The next generation Web browsers recently released by both Netscape Communications and Microsoft Corporation have introduced the option of subscribing to an Internet Channel. Channels allow the user to describe the type of information to be delivered and the schedule for delivering and updating it. Dynamic content can be designed for channels capable of operating in a non-network mode. The channel mechanism allows the downloading and installation process to be automated and scheduled at convenient time for the user.

A utility customer may for example subscribe to a Home Energy Management Channel to have an interactive Energy Analyzer placed on his computer.
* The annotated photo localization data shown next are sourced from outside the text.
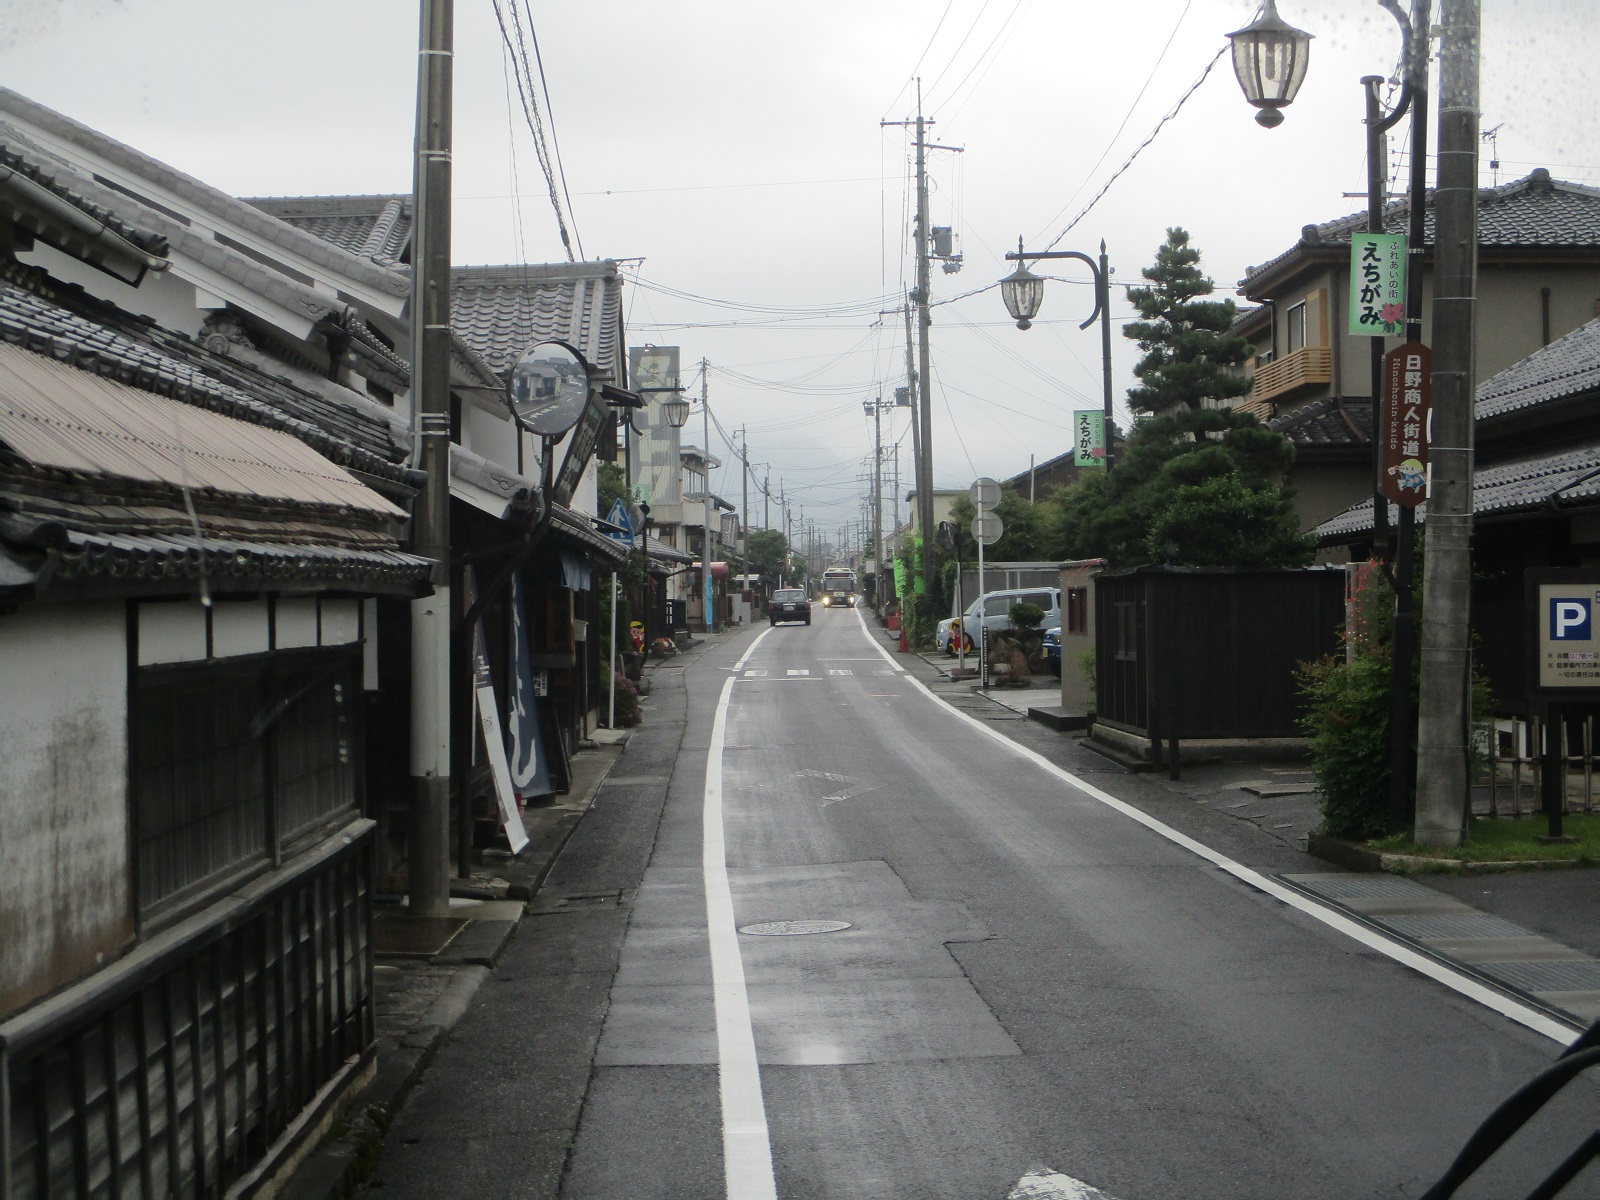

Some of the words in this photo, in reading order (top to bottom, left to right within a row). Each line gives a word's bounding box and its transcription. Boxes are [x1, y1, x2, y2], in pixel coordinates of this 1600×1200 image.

[1360, 241, 1382, 326] えちがみ
[1388, 241, 1400, 299] ふれあいの街
[1080, 414, 1092, 460] えちがみ
[1390, 358, 1401, 450] Hinoshonin-kaido
[1402, 354, 1422, 456] 日野商人街道
[1556, 602, 1587, 637] P
The Energy Analyzer, which has a copy of the customer's billing data, can then be run as a local program, providing quick interactive results at a time convenient to the user. In subscribing to this channel the customer provides his account number and meter identifier and schedules a download time, such as overnight. At the download time, all necessary content and billing information is saved and installed on the customer's computer. Each time the Analyzer is used, it loads previously saved inputs and determines whether more current billing data is available. If more current data and a network connection are available, the Analyzer downloads this data from the utility server and uploads a copy of the customer's answers. This data transaction is fairly small in size so that there is virtually no waiting, even for customers with slow network connections. An express report option allows an initial report to be generated with a minimum of user inputs. This report may have a number of different charts that include:

A report with more specific estimates and recommendations can be created as customers provide additional information using the energy survey modules targeted at specific loads.
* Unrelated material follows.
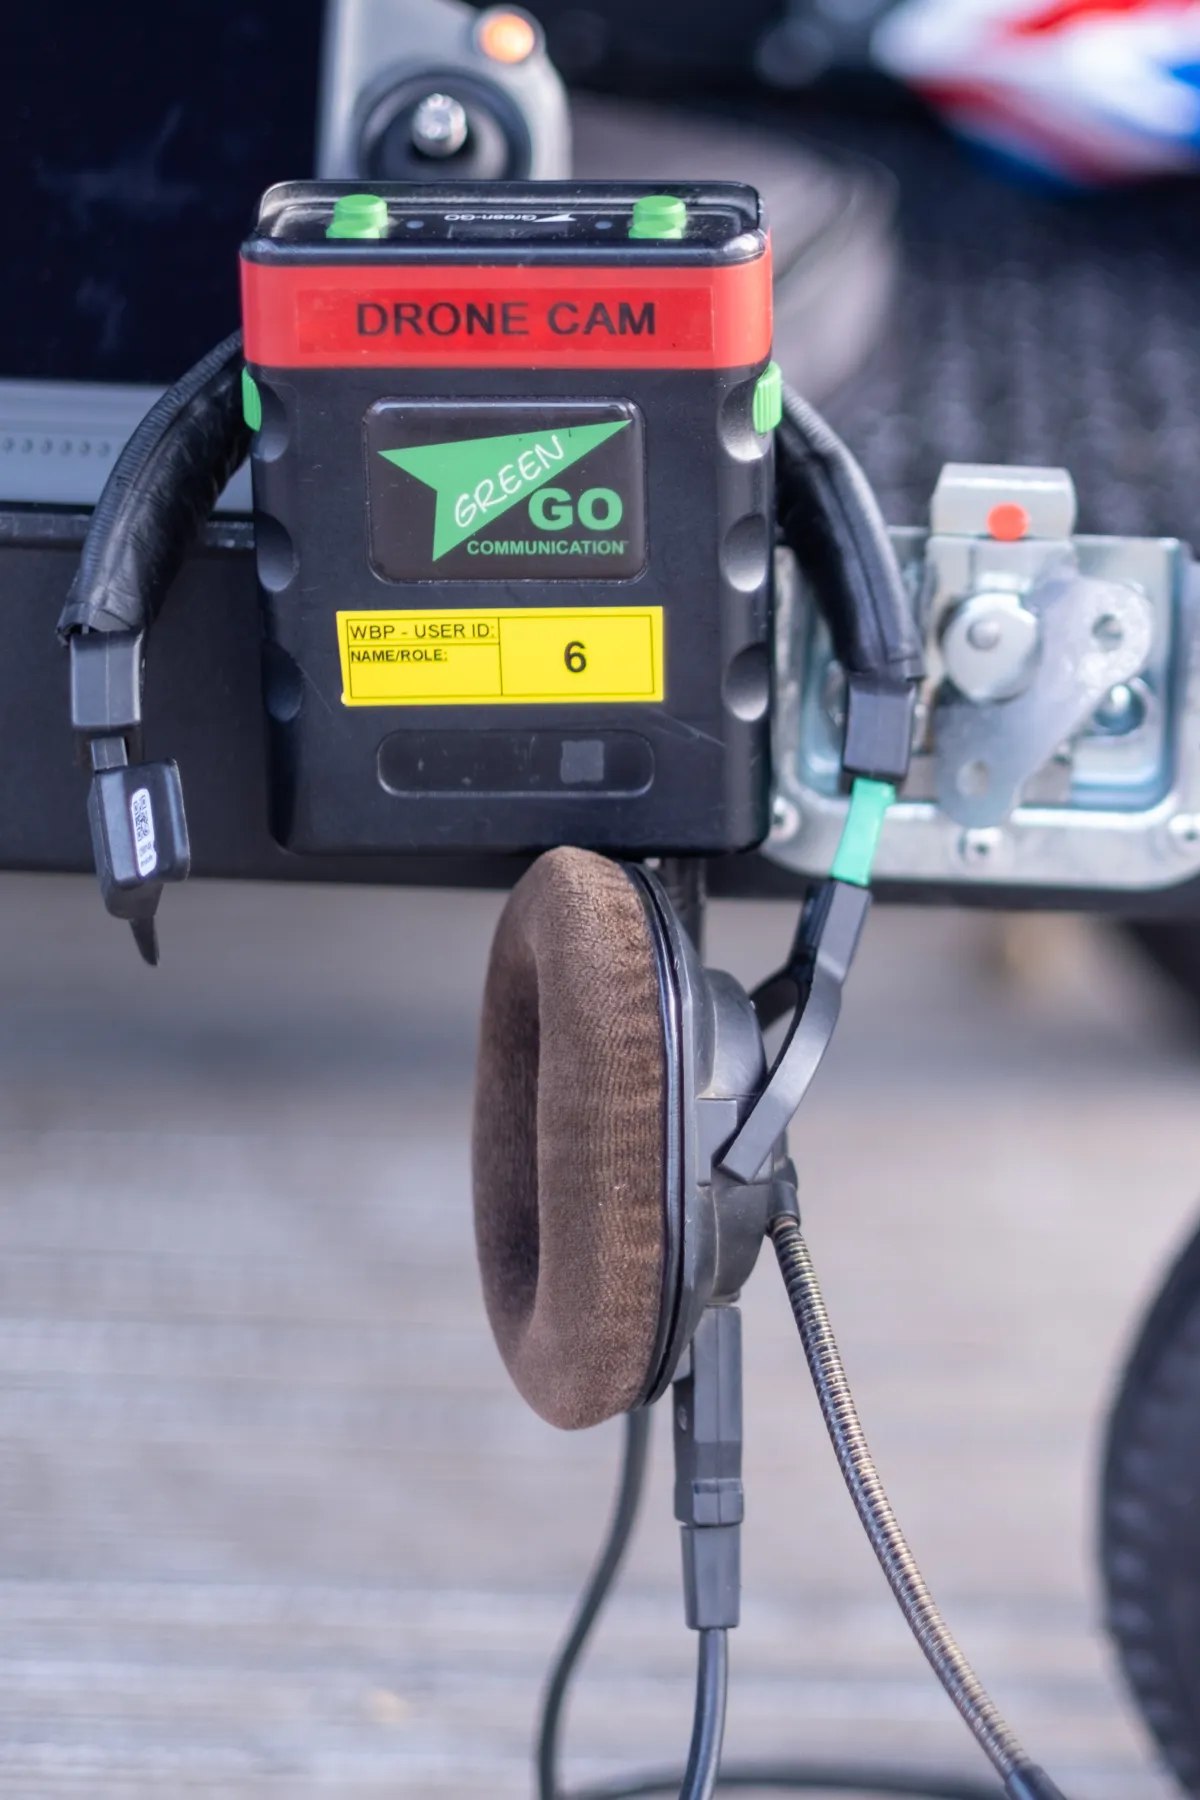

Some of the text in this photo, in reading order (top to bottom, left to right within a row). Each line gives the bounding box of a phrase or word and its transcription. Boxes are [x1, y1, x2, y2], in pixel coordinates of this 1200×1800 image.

To enhance these reports a number of additional services may be added, such as an On-line Store and Forum targeted for specific energy end uses. These additional server applications are easily integrated with a number of readily available server-side scripting facilities. An on-line energy store provides a useful benchmark cost for a recommended energy measure, as well as a means for taking immediate action on it. Similarly, an on-line energy forum may provide additional motivation for users taking action by being involved in an energy conscious group and contributing to it.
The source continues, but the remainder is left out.